Por todo ello, Benjamin, muchos años más tarde y ya con el nazismo pisándole los talones, pudo afirmar, en la octava de sus Tesis sobre filosofía de la historia (1942), que «la tradición de los oprimidos nos enseña que el estado de excepción en que vivimos es la regla», con lo que venía a inferir que el poder estatal ya era sólo un espacio de anomia en el que el estado de excepción aparecía como el espectro de la ley suspendida. El debate que se ha generado en el seno del Tribunal Constitucional estos días, así como su escandalosa demora en pronunciarse, ponen de manifiesto la insuficiencia de la ley con respecto a las emergencias que están conociendo las democracias representativas en nuestra época. La pandemia no ha hecho más que resaltar esas tensiones, constantes desde hace décadas en la política de Occidente. Si tomamos, por ejemplo, el caso de los indultos, veremos cómo al final el castigo impuesto por el Estado de derecho contra unos sediciosos que quisieron privilegiar su dret a decidir –la Entscheidung schmittiana– por encima de la Constitución –el consenso kelseniano–, ha sido suspendido por un presidente de Gobierno que ha actuado como soberano, en contra del criterio del Tribunal Supremo y de la Fiscalía, decidiendo la excepción para exonerar a aquellos que también intentaron decidir la excepción. («El ple és sobirà», «el pleno es soberano», gritaba Carme Forcadell aquellos oprobiosos 6 y 7 de septiembre de 2017). En medio y entre tanto, ha quedado desacreditado el sistema de salvaguarda que el derecho intentaba custodiar. De la misma manera, ahora, después de la sentencia sobre el estado de alarma, el presidente envía a sus ministros a denostar al Tribunal Constitucional. Parece mentira que una de las pocas ministras serias de ese gabinete, Margarita Robles, que además es juez en excedencia, pueda reprochar a sus colegas que hagan «elucubraciones doctrinales»; en vez de obedecer al soberano sin rechistar, se supone.

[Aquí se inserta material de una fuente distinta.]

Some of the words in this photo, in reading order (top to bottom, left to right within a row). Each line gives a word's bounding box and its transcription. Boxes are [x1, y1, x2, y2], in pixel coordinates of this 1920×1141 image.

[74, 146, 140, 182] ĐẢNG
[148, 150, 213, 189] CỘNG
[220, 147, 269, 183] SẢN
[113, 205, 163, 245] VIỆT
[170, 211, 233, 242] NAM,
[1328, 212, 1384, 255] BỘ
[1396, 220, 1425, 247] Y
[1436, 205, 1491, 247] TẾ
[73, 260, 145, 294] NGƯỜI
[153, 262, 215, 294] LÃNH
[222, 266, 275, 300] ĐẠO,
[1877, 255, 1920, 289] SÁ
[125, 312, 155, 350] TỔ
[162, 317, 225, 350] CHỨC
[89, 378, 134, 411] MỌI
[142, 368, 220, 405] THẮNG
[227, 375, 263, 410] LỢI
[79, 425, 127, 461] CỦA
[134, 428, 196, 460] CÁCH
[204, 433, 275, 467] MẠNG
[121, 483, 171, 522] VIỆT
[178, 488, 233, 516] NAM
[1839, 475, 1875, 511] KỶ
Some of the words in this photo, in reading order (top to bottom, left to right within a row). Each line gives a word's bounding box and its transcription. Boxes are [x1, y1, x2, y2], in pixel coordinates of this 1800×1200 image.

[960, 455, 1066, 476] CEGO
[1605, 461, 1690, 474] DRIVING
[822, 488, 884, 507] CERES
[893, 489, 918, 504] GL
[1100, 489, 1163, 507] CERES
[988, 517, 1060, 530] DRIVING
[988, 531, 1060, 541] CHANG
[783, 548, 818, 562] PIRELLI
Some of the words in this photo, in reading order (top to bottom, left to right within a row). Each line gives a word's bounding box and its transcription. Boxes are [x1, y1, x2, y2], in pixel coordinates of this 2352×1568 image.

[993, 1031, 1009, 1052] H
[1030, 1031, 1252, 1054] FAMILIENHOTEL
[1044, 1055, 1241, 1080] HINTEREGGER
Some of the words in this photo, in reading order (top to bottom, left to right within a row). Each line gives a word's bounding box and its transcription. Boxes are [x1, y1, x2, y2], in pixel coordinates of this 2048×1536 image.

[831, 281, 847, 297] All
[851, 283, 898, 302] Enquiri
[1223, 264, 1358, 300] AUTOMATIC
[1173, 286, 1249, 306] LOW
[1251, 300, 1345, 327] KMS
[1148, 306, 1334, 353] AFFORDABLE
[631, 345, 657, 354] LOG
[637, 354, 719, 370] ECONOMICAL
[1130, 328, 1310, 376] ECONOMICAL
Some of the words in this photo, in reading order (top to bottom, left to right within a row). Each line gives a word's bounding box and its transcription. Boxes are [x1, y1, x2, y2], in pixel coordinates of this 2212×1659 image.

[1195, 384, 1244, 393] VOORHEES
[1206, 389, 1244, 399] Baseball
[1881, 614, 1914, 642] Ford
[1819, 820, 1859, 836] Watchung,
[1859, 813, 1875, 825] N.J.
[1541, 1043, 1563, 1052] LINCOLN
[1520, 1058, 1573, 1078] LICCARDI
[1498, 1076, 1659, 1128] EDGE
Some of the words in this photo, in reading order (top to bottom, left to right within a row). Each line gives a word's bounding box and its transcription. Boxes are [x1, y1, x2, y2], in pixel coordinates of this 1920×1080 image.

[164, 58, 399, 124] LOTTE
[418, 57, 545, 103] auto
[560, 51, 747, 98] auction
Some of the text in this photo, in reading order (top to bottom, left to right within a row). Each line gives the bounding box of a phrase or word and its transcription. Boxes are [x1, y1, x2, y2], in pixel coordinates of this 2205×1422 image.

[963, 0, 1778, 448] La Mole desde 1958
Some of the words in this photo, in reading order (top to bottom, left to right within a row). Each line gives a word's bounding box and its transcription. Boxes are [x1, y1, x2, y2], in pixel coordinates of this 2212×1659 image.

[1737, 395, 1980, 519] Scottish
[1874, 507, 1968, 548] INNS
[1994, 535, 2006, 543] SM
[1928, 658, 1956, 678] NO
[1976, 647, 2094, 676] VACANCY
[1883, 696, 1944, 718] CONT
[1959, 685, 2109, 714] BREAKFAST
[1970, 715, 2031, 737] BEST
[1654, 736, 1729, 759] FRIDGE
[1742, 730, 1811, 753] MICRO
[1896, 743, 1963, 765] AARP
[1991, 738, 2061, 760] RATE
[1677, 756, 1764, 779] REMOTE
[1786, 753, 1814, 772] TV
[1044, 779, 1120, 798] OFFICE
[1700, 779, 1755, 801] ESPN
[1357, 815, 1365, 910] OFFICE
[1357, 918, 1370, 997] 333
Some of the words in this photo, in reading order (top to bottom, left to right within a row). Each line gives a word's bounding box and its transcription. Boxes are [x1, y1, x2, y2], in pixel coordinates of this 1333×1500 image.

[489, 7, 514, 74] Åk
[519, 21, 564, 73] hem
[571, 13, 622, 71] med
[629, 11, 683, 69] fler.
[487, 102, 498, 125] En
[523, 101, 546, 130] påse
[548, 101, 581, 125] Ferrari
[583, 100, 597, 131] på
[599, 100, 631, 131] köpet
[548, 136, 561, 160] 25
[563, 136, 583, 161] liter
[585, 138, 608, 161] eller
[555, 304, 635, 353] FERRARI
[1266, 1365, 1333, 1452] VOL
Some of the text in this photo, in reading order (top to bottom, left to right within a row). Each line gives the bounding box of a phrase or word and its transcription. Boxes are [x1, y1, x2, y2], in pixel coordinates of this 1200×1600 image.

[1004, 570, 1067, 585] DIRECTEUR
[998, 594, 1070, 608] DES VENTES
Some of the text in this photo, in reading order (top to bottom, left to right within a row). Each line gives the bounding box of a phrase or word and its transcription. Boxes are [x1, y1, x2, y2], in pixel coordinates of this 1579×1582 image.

El fenómeno, por supuesto, no es exclusivo de España. En el Reino Unido vimos cómo Boris Johnson intentó cerrar la Cámara de los Comunes para consumar sin incordios el Brexit, que en el fondo fue otra variante de la Entscheidung schmittiana. Y en Estados Unidos, hace pocos meses, un presidente perturbado animó a las masas a tomar el Capitolio, provocando un transitorio estado de excepción que ha sido muy lesivo para la democracia de ese país. La erótica de la excepción es recurrente en las sociedades del siglo XXI, sometidas a constantes urgencias sanitarias, climáticas, migratorias y nacionalistas. En nombre de la seguridad y de la salud, las libertades y la representación son un estorbo. El propio Sánchez, en octubre pasado, pidió y consiguió seis meses más de presunta alarma sin control parlamentario. Poco a poco, todos nos vamos acostumbrando a la excepción. La estructura legal que la modernidad laica e ilustrada inventó para salvarnos de la catástrofe que se abrió en el cielo parece estar acogiendo aquel mismo vacío en el seno de las democracias liberales, de pronto paralizadas ante una nueva decisión que no se sabe de dónde viene ni qué está dictando.